Subtitles are a wonderful invention. For the hard of hearing, or just plain stone deaf, they give meaning to the magic of the moving picture. They reveal the mystery of a foreign tongue. And they bring us a dose of humour when they go wrong. Yet I did not warm to the subtitle for many years. They were a distraction. A nuisance. Irritating. Their mere presence on screen would compel me to change channel.
I did not watch foreign films. Ever. Except, if I’m to be entirely truthful, with the exception of a few choice late night French or Spanish flicks on Channel 4. There was no internet when I was a teenager. A saucy señorita revealing a breast or two in a moody continental film was pretty much as good as it got. Teenage angst is defined by the horror of patiently sitting through a film one does not understand, only for the joyous moment to be dashed by subtitling covering up the wonder of the female nipple. Lads born on this side of the millennial divide just don’t know how good they’ve got it.
Then I moved to Mexico. And subtitles became the norm. If we went to the cinema, I had to make sure I booked tickets for the subtitled version and not the dubbed one. At home, anything we watched either had Spanish subtitles on for Mrs P, or English subtitles for me. I became used to subtitles. They ceased to bother me at all. Indeed, they opened up a whole world of cinema to me.
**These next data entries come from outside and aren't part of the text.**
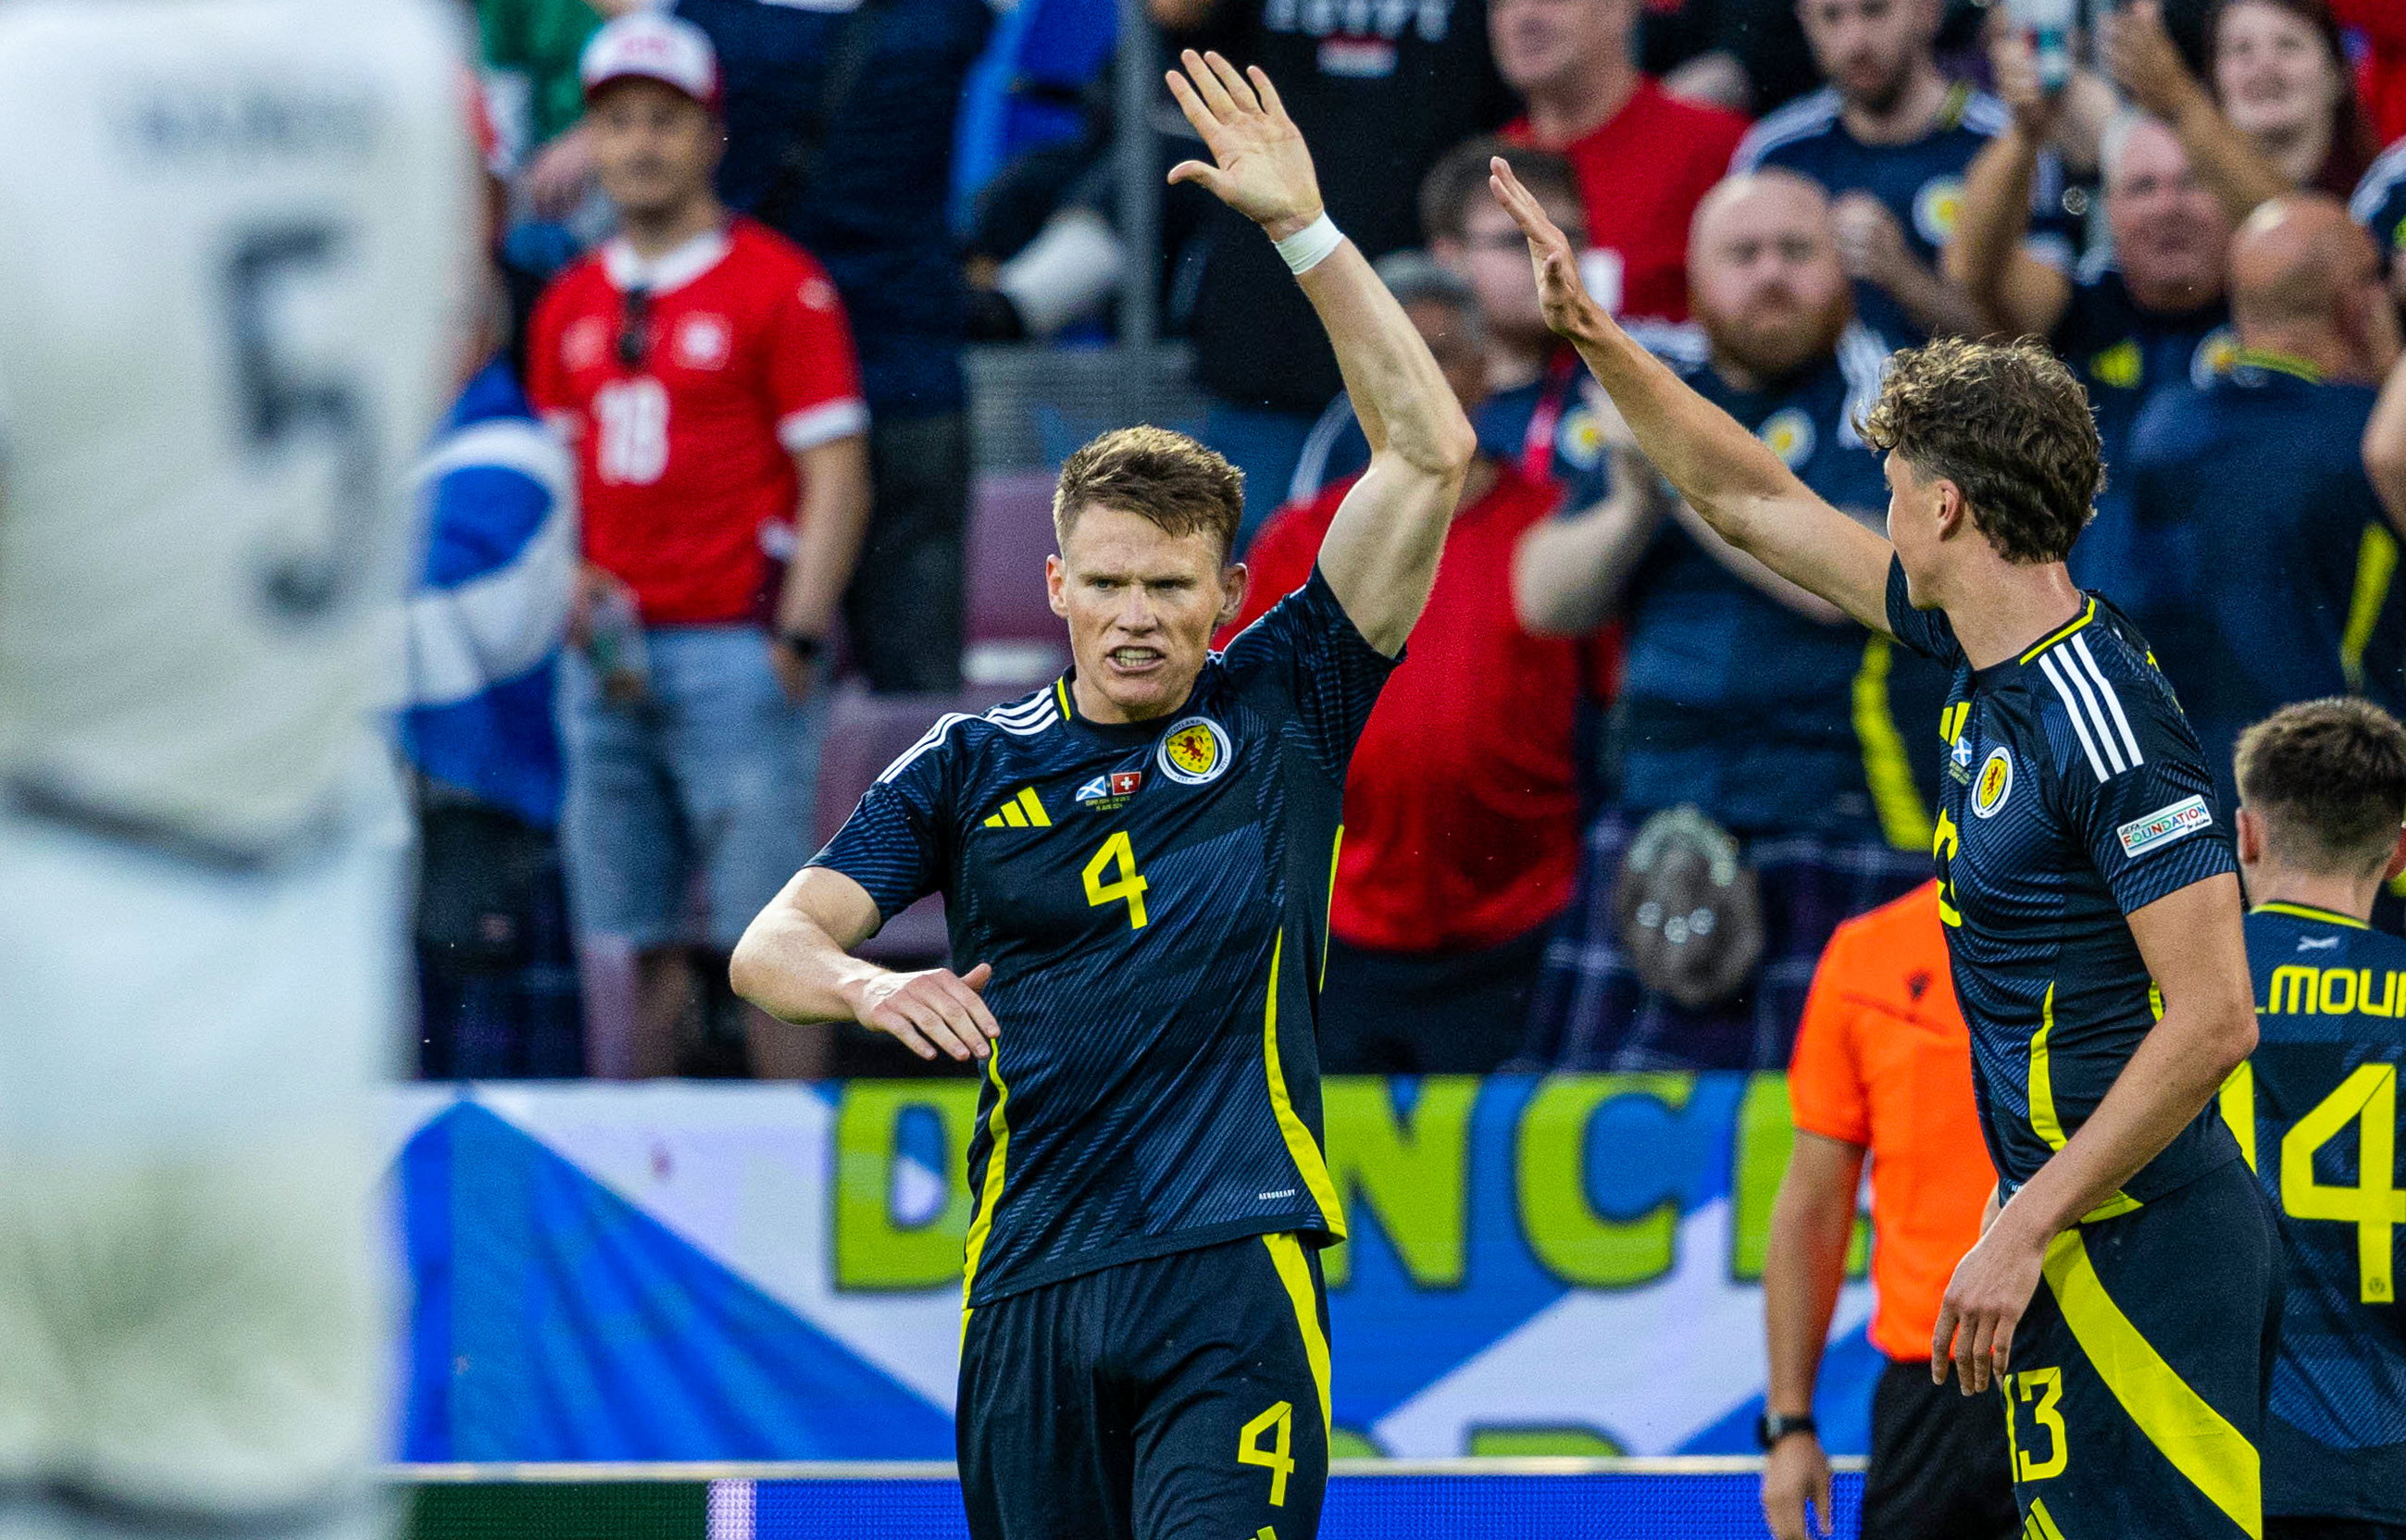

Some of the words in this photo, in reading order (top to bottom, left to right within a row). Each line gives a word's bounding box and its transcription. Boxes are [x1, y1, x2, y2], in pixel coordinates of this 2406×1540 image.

[218, 217, 378, 622] 5
[2123, 804, 2207, 847] FOUNDATION
[1081, 830, 1149, 930] 4
[2254, 964, 2406, 1018] MOU
[1238, 1400, 1295, 1507] 4
Without subtitles I would never have met Hatidze in Honeyland, an endearing Macedonian production. I would not have gone on a trip to Acapulco with Mariano, Antolin and Justo. I would not have hit the campaign trail with Luis Colosio, and experienced the ensuing tragedy, in both 1994 and The Candidate. My taste buds would not have been tantilised by the Taco Chronicoles. I would not have become acquainted with the scandal of the Alcasser Murders in Spain. And I would have entirely missed out on the most bizarre real-life political murder mystery I've ever come across - Killer Ratings. I highly recommend all of the above, most of which can be found on Netflix.
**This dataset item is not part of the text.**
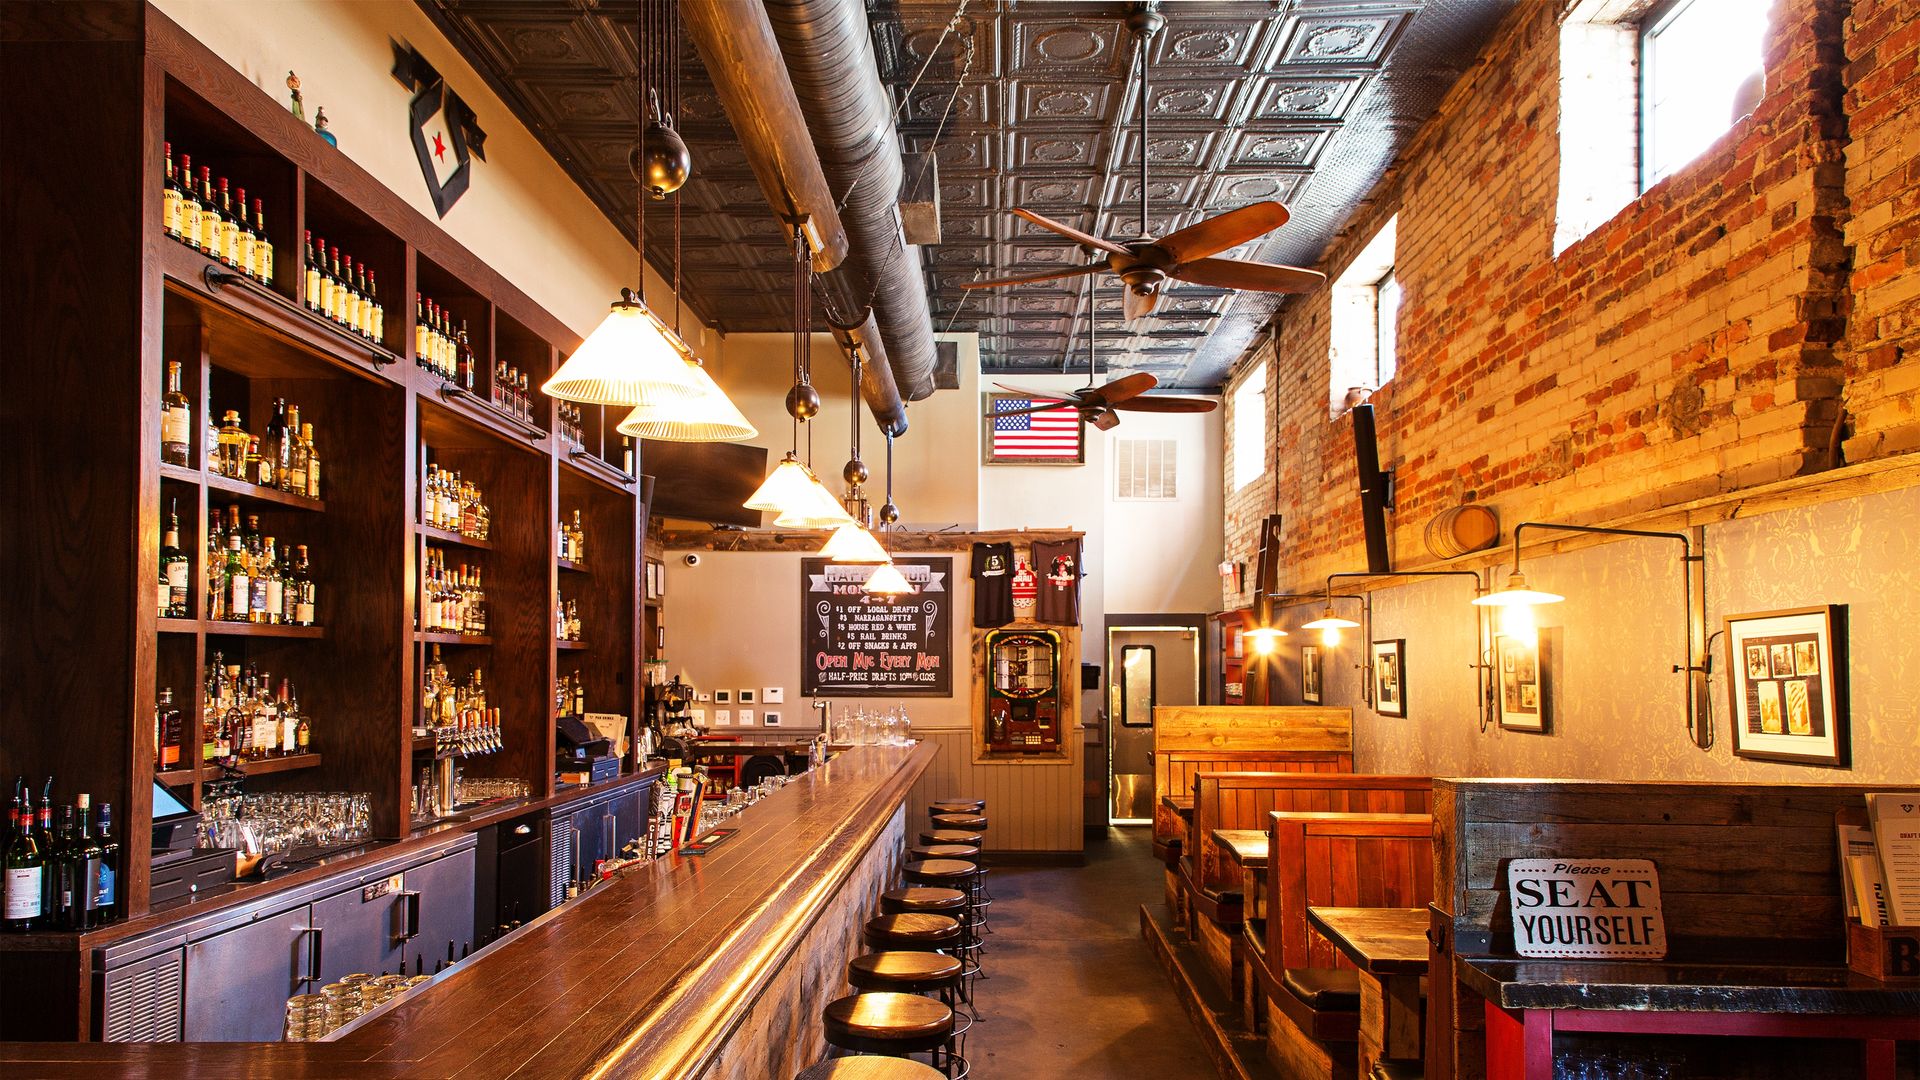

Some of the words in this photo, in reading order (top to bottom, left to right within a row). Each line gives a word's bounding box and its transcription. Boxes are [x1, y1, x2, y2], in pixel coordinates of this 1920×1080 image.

Of course, every silver lining has a cloud. The cloud being Parchis. For Mrs P, it was a nostalgic trip back to her childhood. For me, it was drivel that achieved nothing more than inspiring a sense of pity for kids growing up in Mexico in the 80s and 90s. Whether they deserve the same level of pity as us British teens wailing at subtitled nipples is open to debate. You can decide that one for yourself.